日本のほうれん草収穫量の推移と主要産地の特徴・今後の課題と展望

葉茎菜類



日本のほうれん草の収穫量は2023年に206.8ktとなり、長期的には減少傾向にあります。群馬や埼玉、千葉などの首都圏近郊が主要産地ですが、気候変動や人手不足が課題です。近年は茨城や宮崎が増産傾向にあり、スマート農業や若者の就農支援による再興が期待されています。今後は環境配慮型の持続可能な農業への移行が鍵を握ります。

野菜収穫量のデータとグラフ

ほうれん草収穫量の最大と最新

全国 群馬 埼玉 千葉 茨城 宮崎 岐阜 福岡
最新 2023年 2023年 2023年 2023年 2023年 2023年 2023年 2023年
最大期 1987年 1988年 1978年 2008年 2016年 2014年 1992年 1987年
最新値[kt] 206.8 22.4 20.5 20.1 18.9 14.4 10.7 8.87
最大値[kt] 400.1 38.5 50.4 41.5 19.8 19 13.8 15.3
前年比[%] -1.43 0.4484 -5.963 -2.899 4.42 18.03 -2.727 -5.032
全体比[%] 100 10.83 9.913 9.72 9.139 6.963 5.174 4.289

 

これまでの推移

ほうれん草の収穫量
最新の割合

 

詳細なデータとグラフ

 

ほうれん草についての推移と展望

日本のほうれん草の収穫量は、1970年代の高度経済成長期を経て徐々に拡大し、1980年代後半には安定的な供給体制が確立されました。冷涼な気候に適した作物であり、露地栽培や施設栽培の両方が可能なため、全国各地で生産されてきました。しかし、近年は気候変動や農業従事者の高齢化、労働力不足などの要因により、生産量の伸びは頭打ちとなり、2023年の全国収穫量は206.8kt(前年比-1.43%)と減少傾向にあります。


県別生産量の現状と特徴(2023年)

2023年の主要産地は以下の通りです:

  • 群馬県:22.4kt(全国比10.83%、前年比+0.45%)→ 首都圏への輸送が容易で施設栽培が盛ん。安定した供給体制が強み。

  • 埼玉県:20.5kt(9.91%、-5.96%)→ 露地栽培と施設栽培が共存。気温変動の影響を受けやすい。

  • 千葉県:20.1kt(9.72%、-2.9%)→ 主に冬春どり。近年は異常気象により品質低下が課題。

  • 茨城県:18.9kt(9.14%、+4.42%)→ 農業技術の高度化により、生産量を拡大。

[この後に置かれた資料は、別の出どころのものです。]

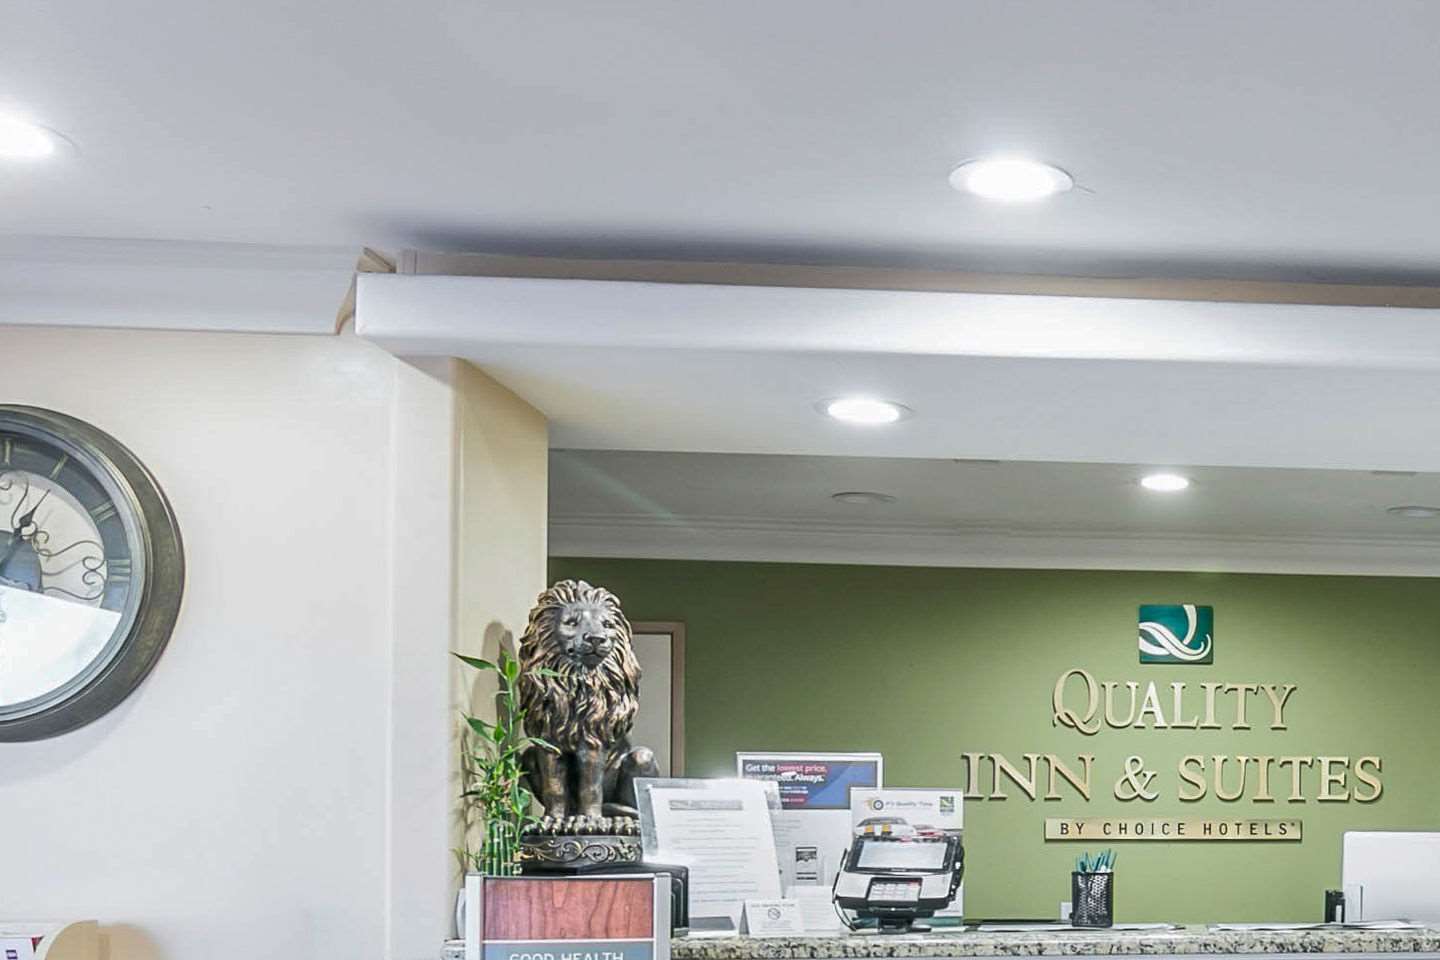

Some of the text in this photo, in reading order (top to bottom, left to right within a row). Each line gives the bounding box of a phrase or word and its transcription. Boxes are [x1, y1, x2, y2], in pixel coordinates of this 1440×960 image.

[1052, 669, 1297, 735] QUALITY
[963, 752, 1384, 802] INN & SUITES
[1060, 823, 1085, 835] BY
[1103, 823, 1185, 835] CHOICE
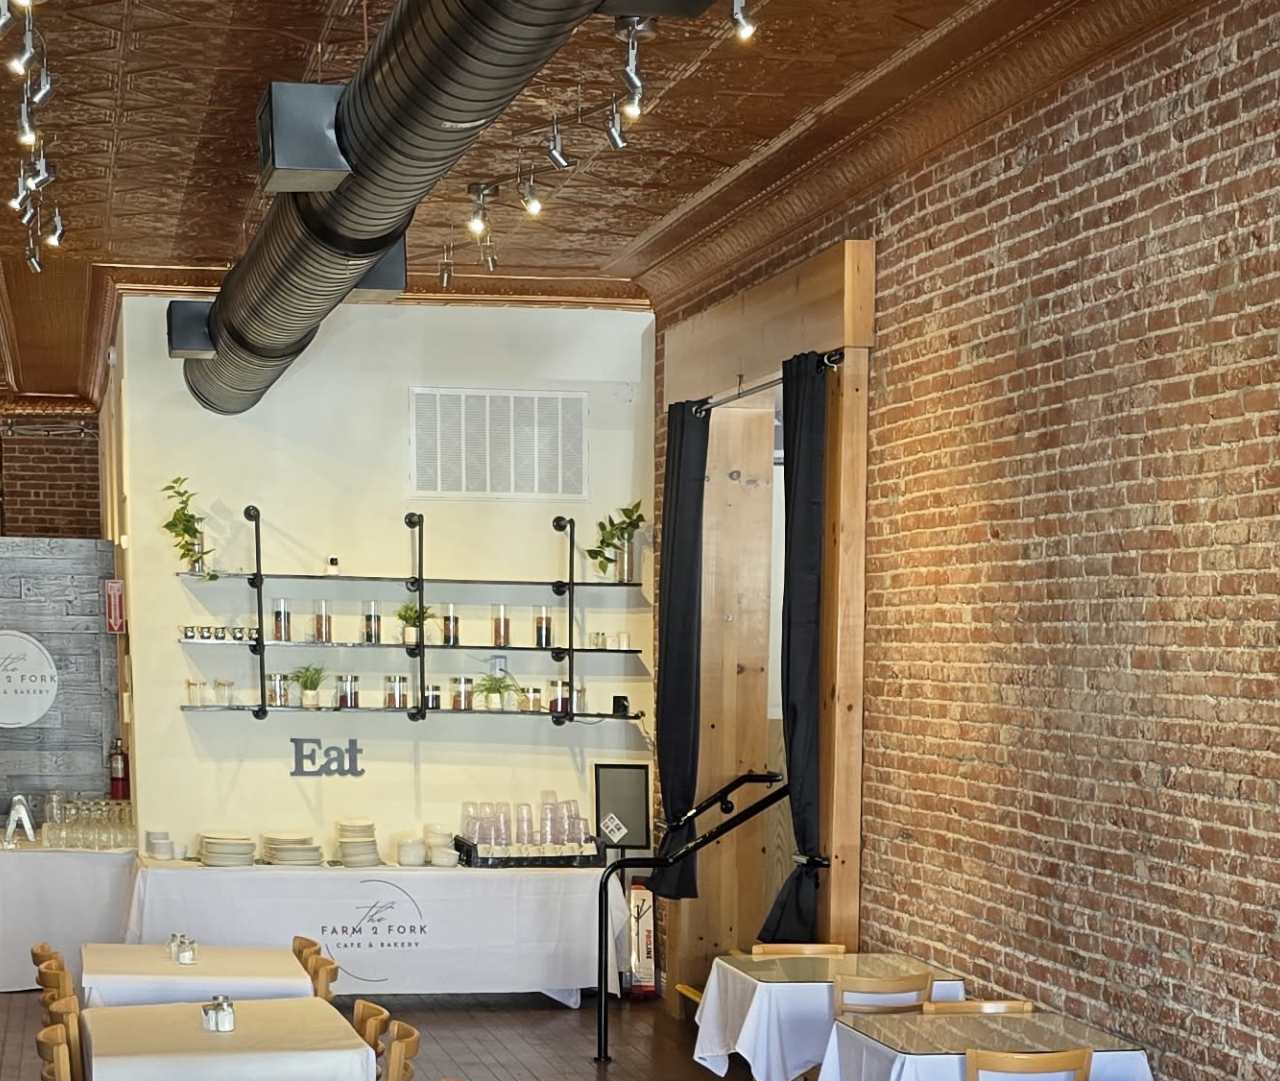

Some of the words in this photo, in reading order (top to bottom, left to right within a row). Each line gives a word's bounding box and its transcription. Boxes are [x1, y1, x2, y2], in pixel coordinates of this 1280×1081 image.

  • 宮崎県:14.4kt(6.96%、+18.03%)→ 温暖な気候を活かした冬季栽培が強み。需要期に出荷できる利点が大きい。

  • 岐阜県:10.7kt(5.17%、-2.73%)→ 内陸の冷涼な気候を活かした栽培。輸送コストはやや高め。

  • 福岡県:8.87kt(4.29%、-5.03%)→ 九州圏での安定供給を支える一方、気温の上昇による品質課題がある。


収穫量変動の背景と課題

近年のほうれん草収穫量の減少には以下の要因が関係しています:

  • 気候変動:高温や少雨により、生育不良や病害が発生しやすい。

  • 人手不足:高齢化と若年層の農業離れにより、収穫作業の継続が困難。

  • 価格競争:輸入野菜や他の葉物野菜との競合で、生産者の収益性が低下。

  • 流通の硬直化:中間流通に依存した体制が変革を妨げている。


今後の生産動向と展望

  1. スマート農業の導入 センサーやAI技術を活用した精密農業により、収穫効率や品質管理の向上が期待されます。

  2. 産地リレー体制の構築 北から南への季節リレーにより、安定供給体制の強化が進む見込みです。

  3. 若年層の参入支援 農業法人の設立や新規就農支援策を通じて、生産の持続可能性を高める動きがあります。

  4. 環境対応型栽培の推進 有機栽培や省農薬の取り組みが、消費者の信頼獲得につながると見られます。